Scraping Facebook Search Results
Today we will build a recipe to find local shops and extract the following business data:
- Business name
- Phone number
- Facebook email
- Find their website
- Find additional phones on their site
- same for contact emails
- check for their website technology (WordPress and so on)
Here's the workflow outline (double-click images to zoom in):
In the end, we will gather all this data in a nice Google sheet.

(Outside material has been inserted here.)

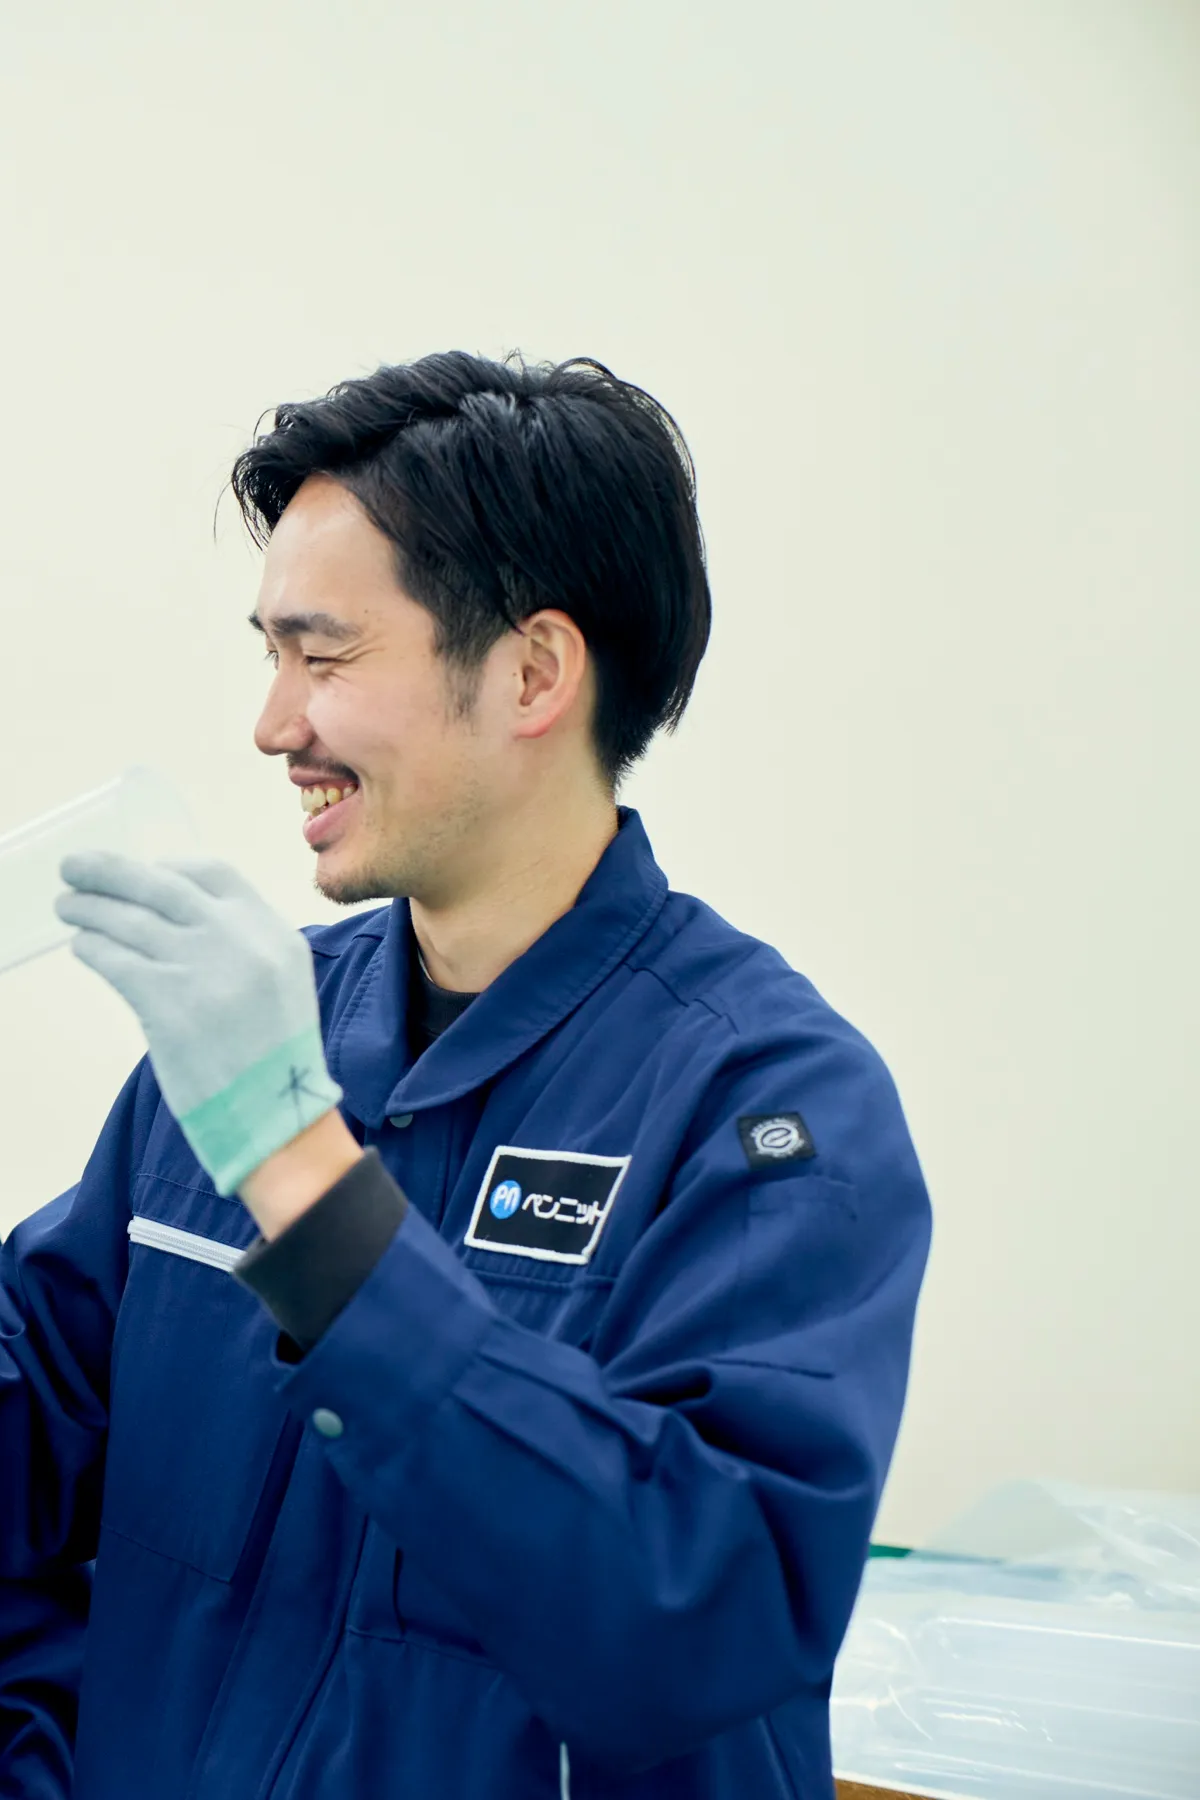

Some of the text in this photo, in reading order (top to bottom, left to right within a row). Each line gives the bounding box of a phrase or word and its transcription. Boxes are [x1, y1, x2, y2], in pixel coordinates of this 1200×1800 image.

First, let's find some friendly restaurant pages in New York. I am starving:
This is a generic search, but we could refine the filters by adding other filters like shops, location, and category:
Technically, Facebook limits allow us to scrape
- Unlimited page URL search BUT
- Only 15 execution hourly
A bit of maths: (15 potential leads per hour) x (24 hours a day) x 365 days =131400 potential leads per year for one Facebook account! Nice 🤪.
But in reality, it will be less. Still enough to find nice spots to prospect and eat NY Pastas for life.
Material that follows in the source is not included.